Problem to work on: All records are to be reproduced verbatim, with images omitted.

Dataset content:

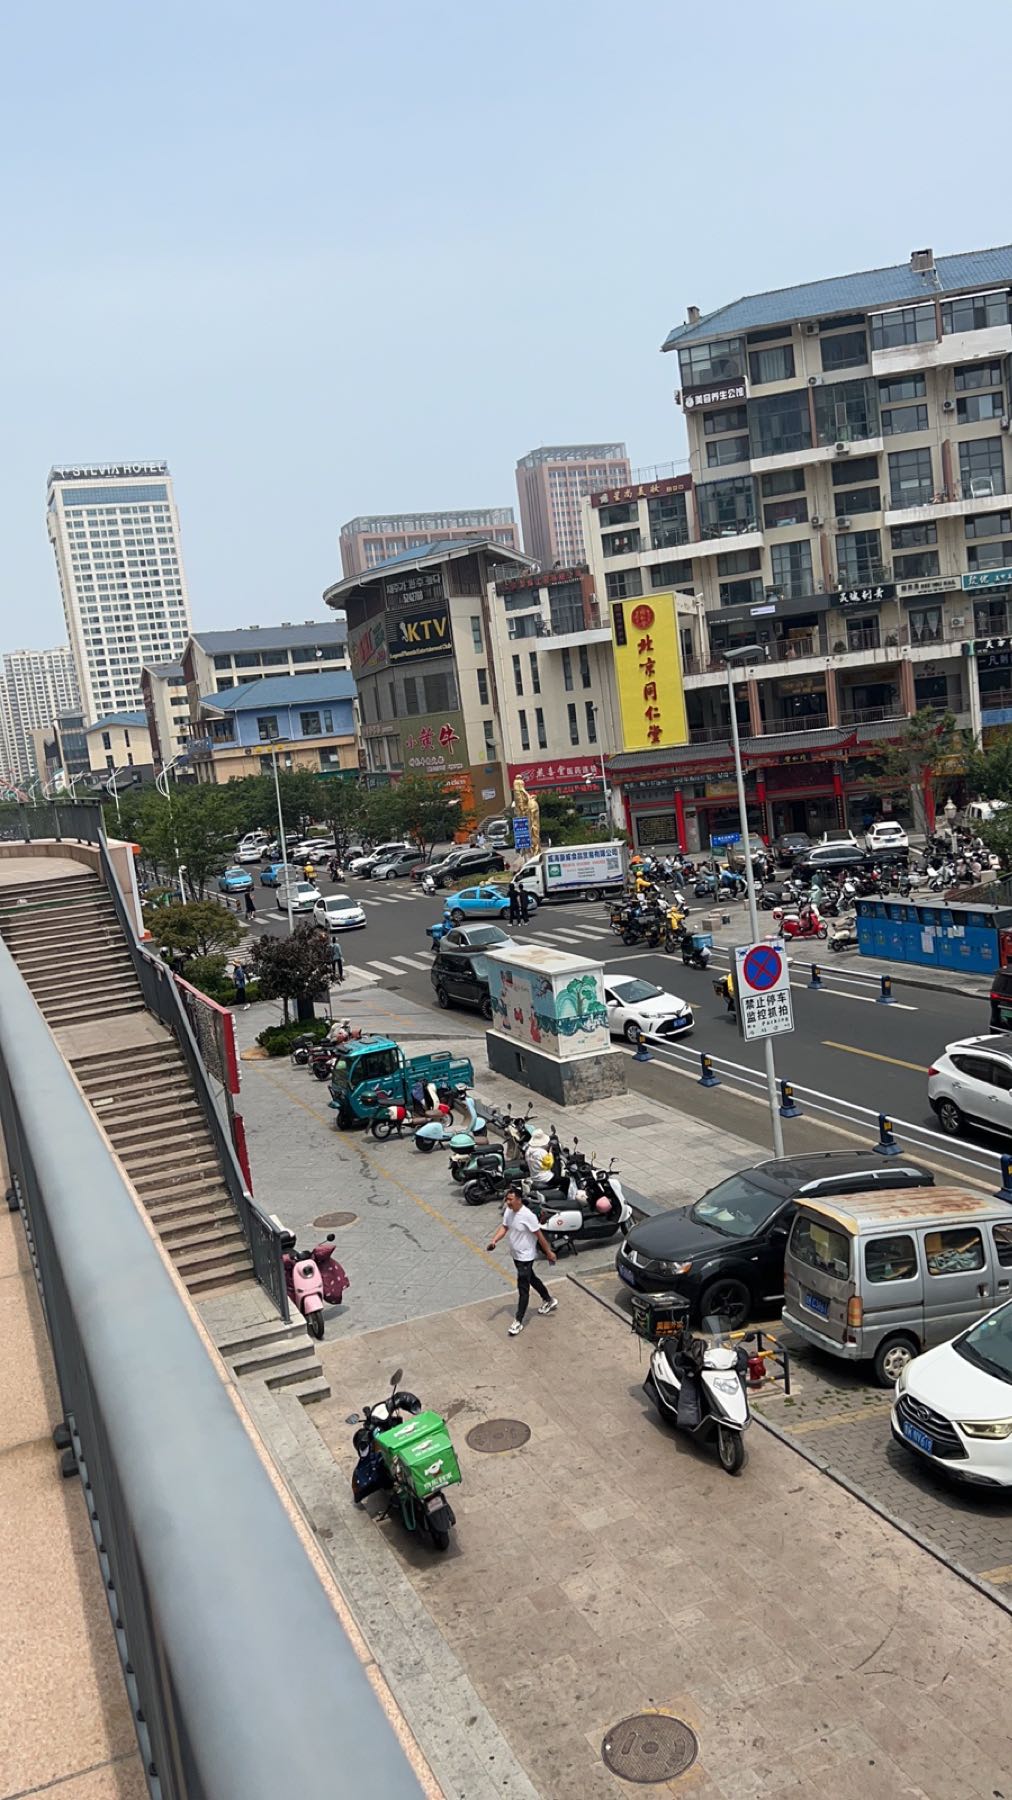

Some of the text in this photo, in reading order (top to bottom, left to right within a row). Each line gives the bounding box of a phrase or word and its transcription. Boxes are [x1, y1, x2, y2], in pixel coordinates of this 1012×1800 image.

[72, 461, 166, 477] SYLVIA HOTEL
[405, 615, 447, 642] KTV
[637, 634, 663, 744] 北京同仁堂
[746, 992, 787, 1009] 禁止停车
[747, 1005, 788, 1023] 监控抓拍

Result for this exercise:
Some of the text in this photo, in reading order (top to bottom, left to right within a row). Each line gives the bounding box of a phrase or word and its transcription. Boxes are [x1, y1, x2, y2], in pixel coordinates of this 1012×1800 image.

[72, 461, 166, 477] SYLVIA HOTEL
[405, 615, 447, 642] KTV
[637, 634, 663, 744] 北京同仁堂
[746, 992, 787, 1009] 禁止停车
[747, 1005, 788, 1023] 监控抓拍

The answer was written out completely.